A obra e a construção são o sonho e o pesadelo do autarca, o segredo do intermediário, a garantia de êxito do ministro e a vocação do capitalista. Pode começar-se na agricultura, na indústria, nos serviços ou na finança, mas acaba-se sempre na construção, no imobiliário ou na obra pública. O que faz o autarca que quer ficar na história? Rotundas, parques industriais, centros comerciais, urbanizações, loteamentos, pavilhões gimnodesportivos, piscinas e sobretudo bairros, podendo estes ser sociais, da classe média ou para amigos. O que faz o ministro que quer deixar a sua marca? Grandes obras públicas e auto-estradas, enquanto sonha com cidades administrativas, cidades judiciais, centros de governo, aeroportos, comboios de alta velocidade, grandes loteamentos turísticos, túneis e lagos artificiais. Que fazem os industriais e financeiros quando chegam a um ponto elevado da sua vida económica e perdem gradualmente a visão fundadora e a vocação tradicional? Transferem-se para o imobiliário, a construção e a obra. Que fazem todos os que querem enriquecer depressa? Ocupam-se dos loteamentos, dos planos directores municipais, das reservas agrícolas, dos bairros sociais de que as câmaras tanto precisam, dos miríficos resorts turísticos e de algumas actividades aparentemente estranhas como a requalificação e a revisão dos planos directores. Que fazem os partidos que têm necessidade de recursos financeiros e ocupam lugares nos aparelhos autárquicos e na administração central? São simplesmente uma espécie de corretores: levam e trazem, ajudam, desembaraçam, dão um empurrão, escolhem, seleccionam, animam as empresas municipais, preenchem os lugares decisivos no licenciamento, caçam cabeças e proporcionam encontros férteis. Numa palavra: facilitam. Mas cobram. À vista. Ou em espécie.
Quase todos os processos judiciais por corrupção ou ilícito administrativo e quase todas as irregularidades cometidas pelas instituições públicas têm, como ponto de partida ou passagem obrigatória, uma obra ou uma construção.
Quase todas as grandes fortunas surgidas nas últimas décadas começaram ou acabaram no imobiliário, no licenciamento e no loteamento. A maior parte dos défices camarários e dos negócios ruinosos das autarquias tem, na origem, os bairros sociais, os planos de realojamento, a requalificação de edifícios recentes e as obras relativamente inúteis ou vistosas.
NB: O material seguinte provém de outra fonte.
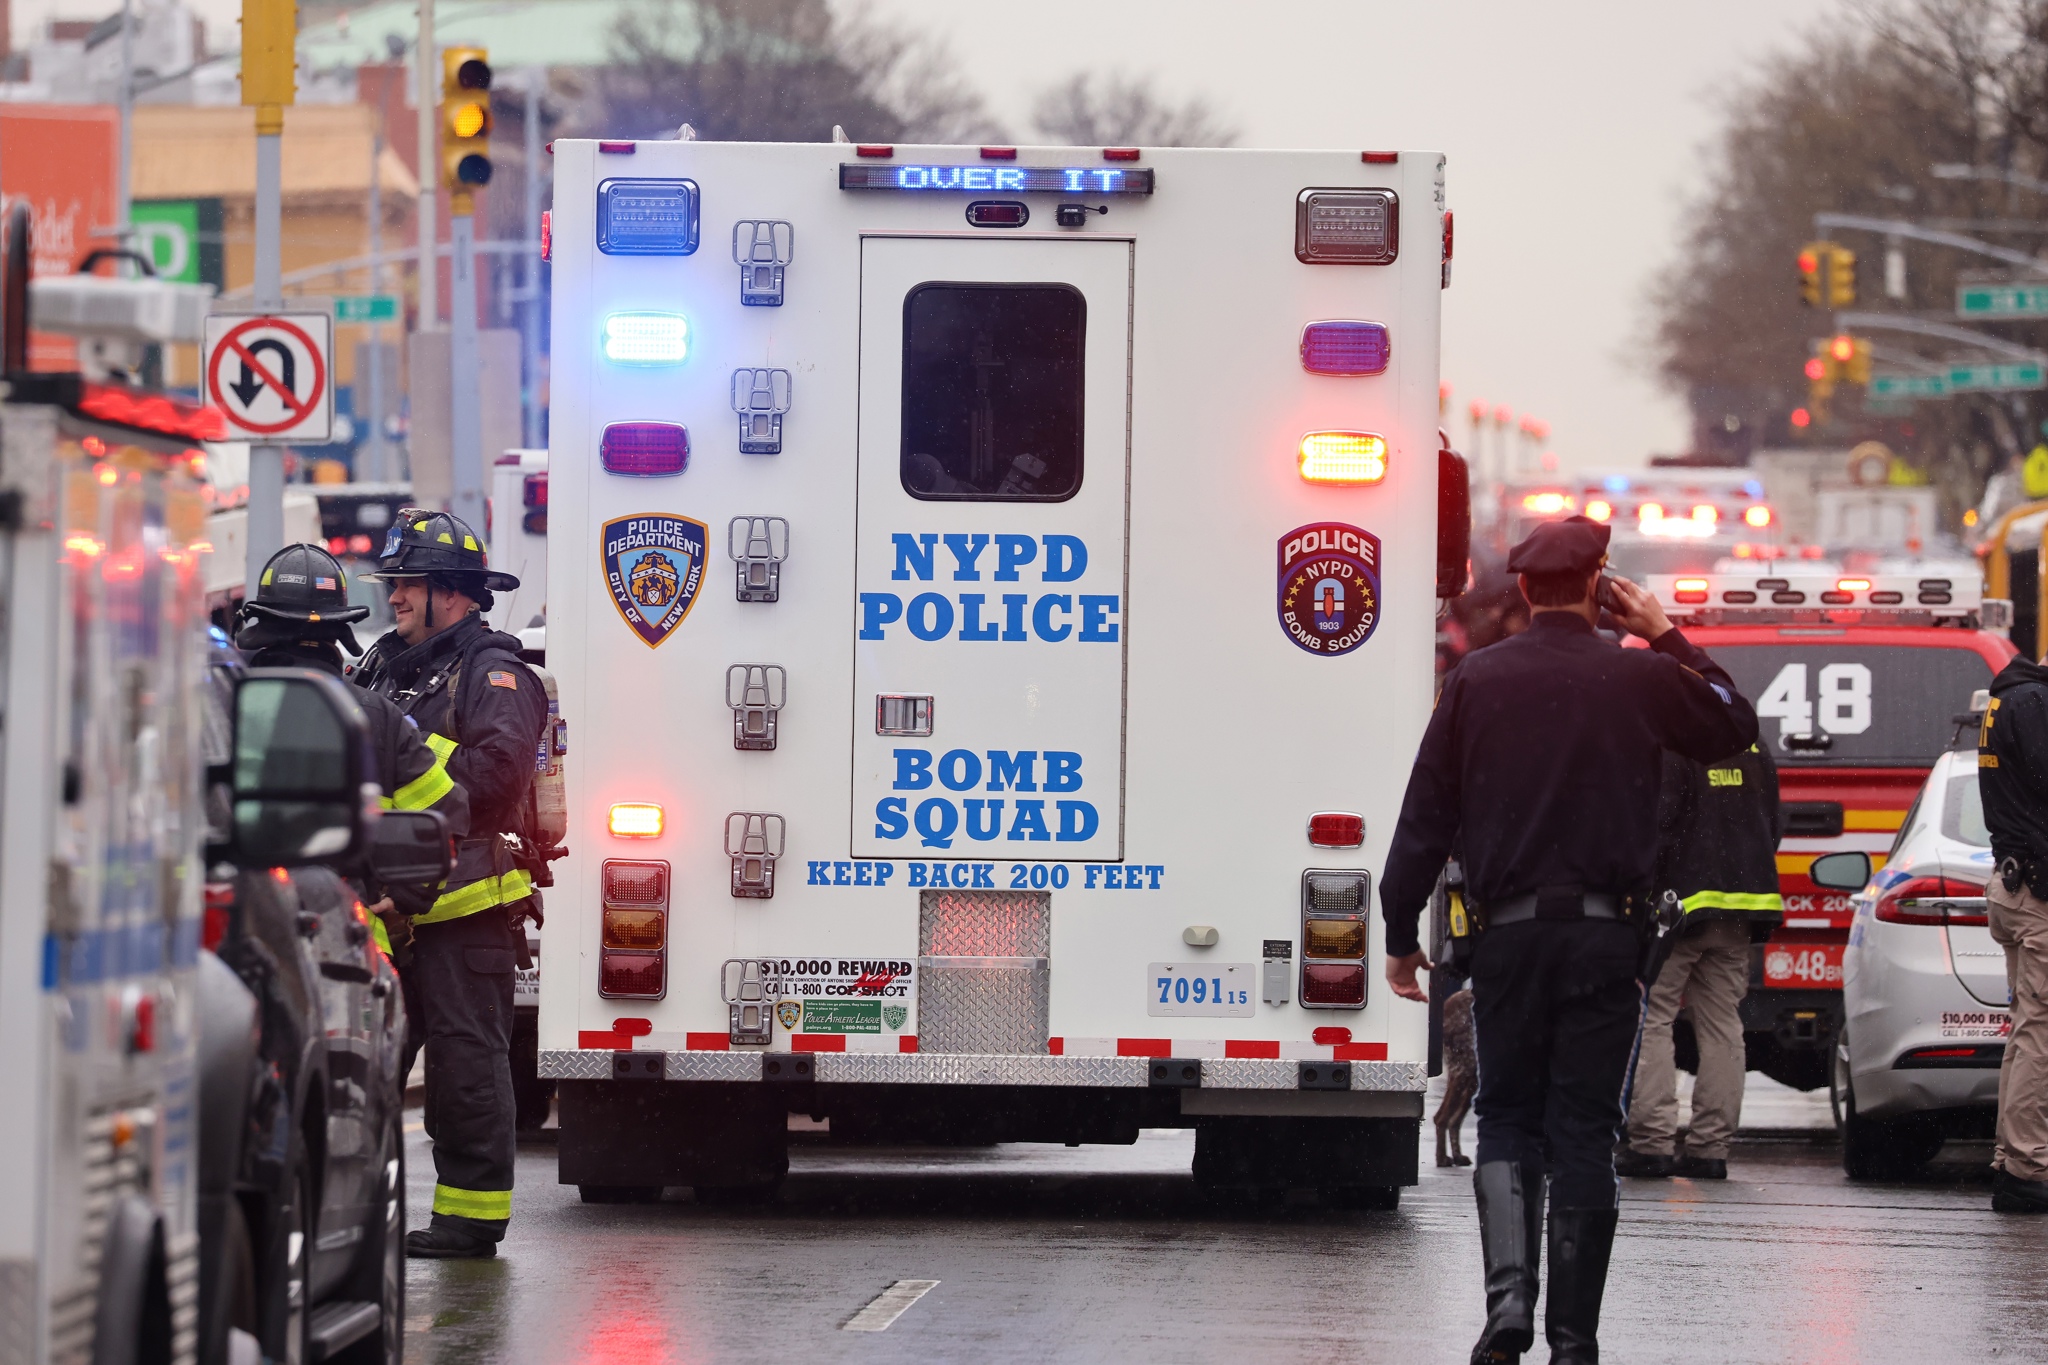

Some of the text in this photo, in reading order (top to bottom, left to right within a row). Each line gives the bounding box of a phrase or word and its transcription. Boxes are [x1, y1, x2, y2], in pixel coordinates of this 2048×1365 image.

[899, 166, 1121, 191] OVER IT
[628, 519, 684, 536] POLICE
[608, 532, 702, 558] DEPARTMENT
[891, 533, 1088, 582] NYPD
[1284, 529, 1375, 566] POLICE
[1305, 560, 1354, 580] NYPD
[609, 571, 642, 624] CITY OF
[661, 565, 702, 631] NEW YORK
[859, 591, 1119, 643] POLICE
[1283, 610, 1374, 652] BOMB SQUAD
[1318, 621, 1340, 631] 1903
[1756, 662, 1873, 735] 48
[892, 748, 1083, 793] BOMB
[875, 796, 1099, 849] SQUAD
[807, 861, 1165, 890] KEEP BACK 200 FEET
[1783, 895, 1851, 912] CK 20
[761, 960, 912, 976] $10,000 REWARD
[1794, 949, 1826, 982] 48
[765, 983, 790, 995] CAL
[793, 983, 822, 995] 1-800
[1157, 977, 1248, 1005] 7091 15
[804, 1011, 825, 1023] POLICE
[825, 1012, 855, 1023] ATHLETIC
[855, 1012, 880, 1024] LEAGUE
[1942, 1013, 2012, 1025] $10,000 REW
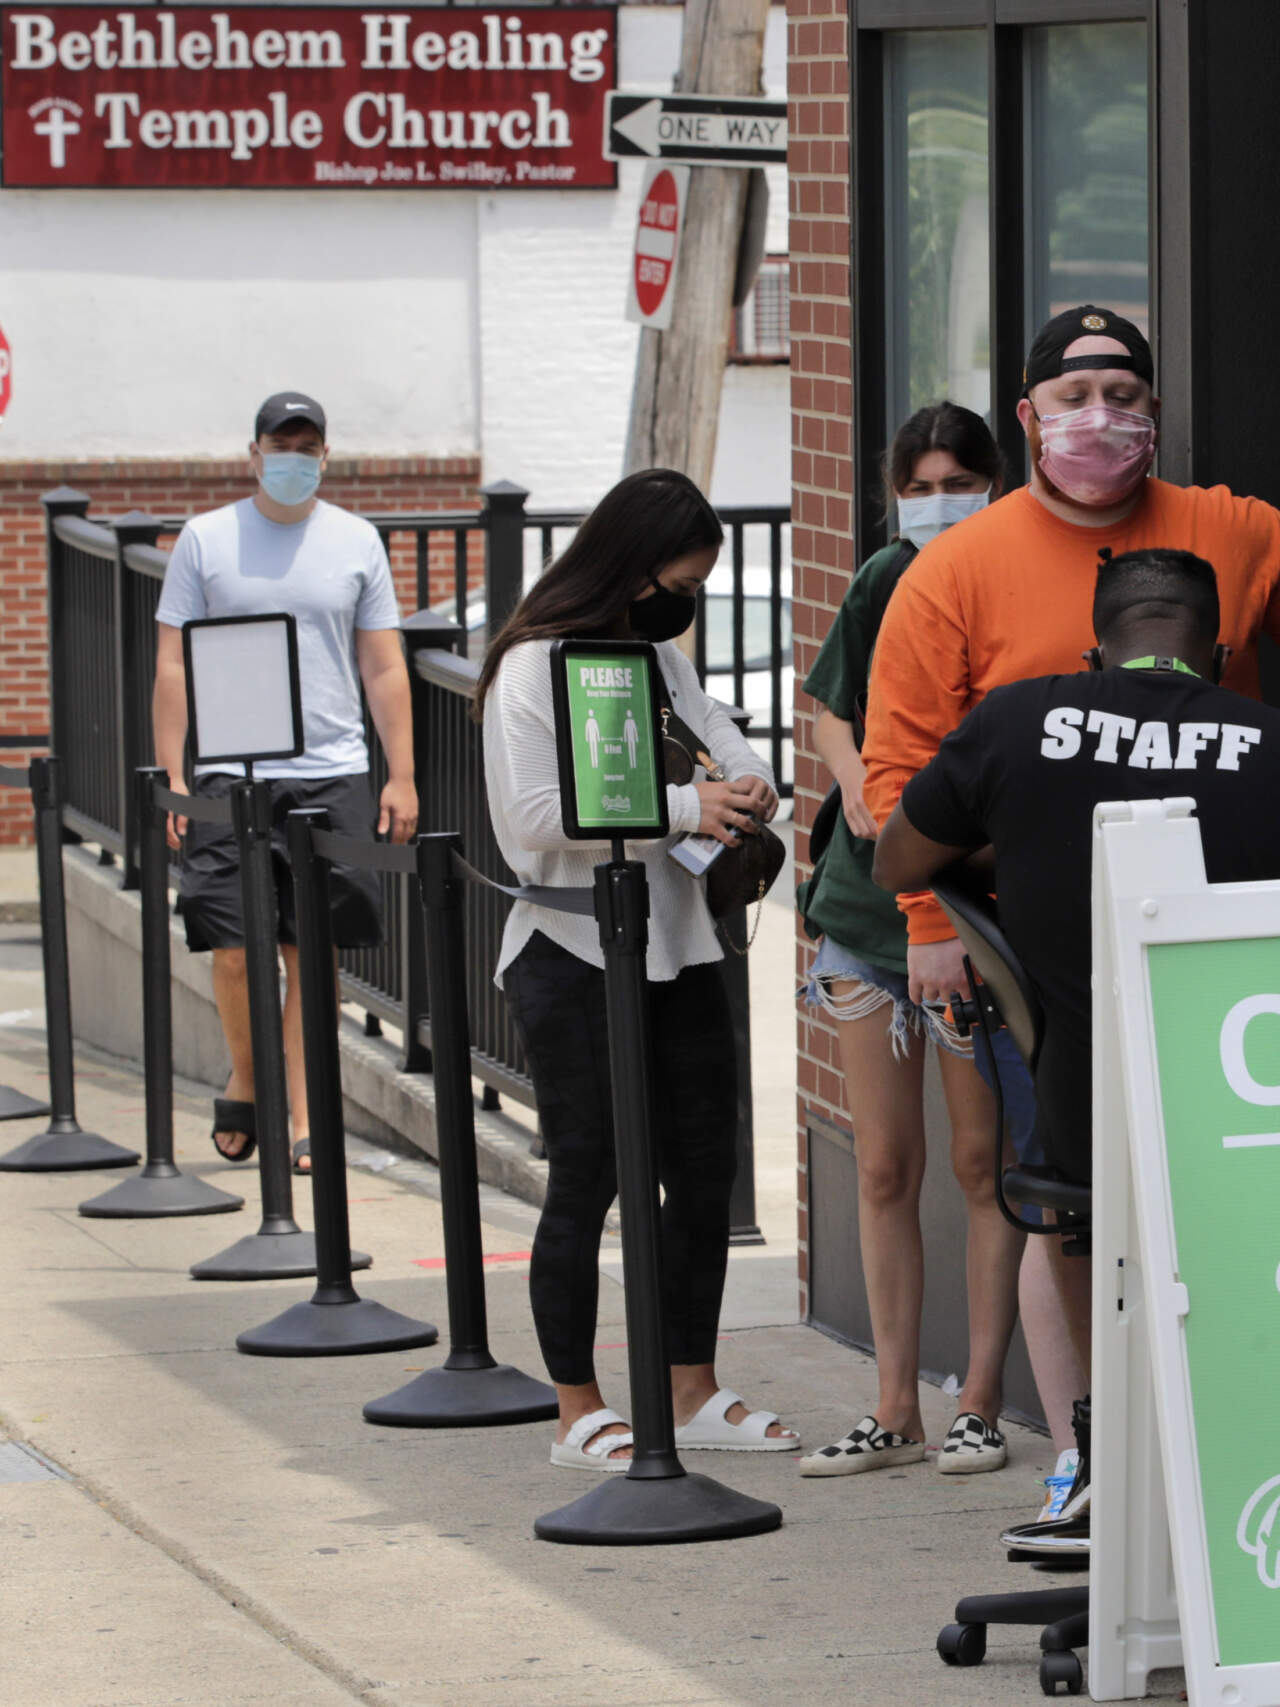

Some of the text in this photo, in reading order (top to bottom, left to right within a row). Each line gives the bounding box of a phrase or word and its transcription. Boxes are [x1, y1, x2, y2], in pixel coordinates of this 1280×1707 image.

Uma enorme percentagem do desperdício financeiro do Estado central provém dos atrasos em obras públicas, dos "trabalhos a mais", dos orçamentos subavaliados para concursos duvidosos, da "despesa deslizante", das condições leoninas que os grandes empreiteiros impõem à administração pública e da falta de competência dos ministérios para analisar, acompanhar e fiscalizar as obras. Um sem-número de casos políticos, de polémicas azedas, de perturbações nas câmaras e nos partidos, de rivalidades dentro do mesmo partido e de desgoverno na administração tem sempre, algures no processo, uns dinheiros estranhos, uns licenciamentos expeditos, umas adjudicações directas, umas trocas de terrenos e umas mais-valias de várias centenas por cento obtidas com simples decisões administrativas ou políticas. Como já se percebeu, a crise de Lisboa, que é apenas mais uma a somar a outras em tantos sítios, cabe também nesta rede aparentemente intangível.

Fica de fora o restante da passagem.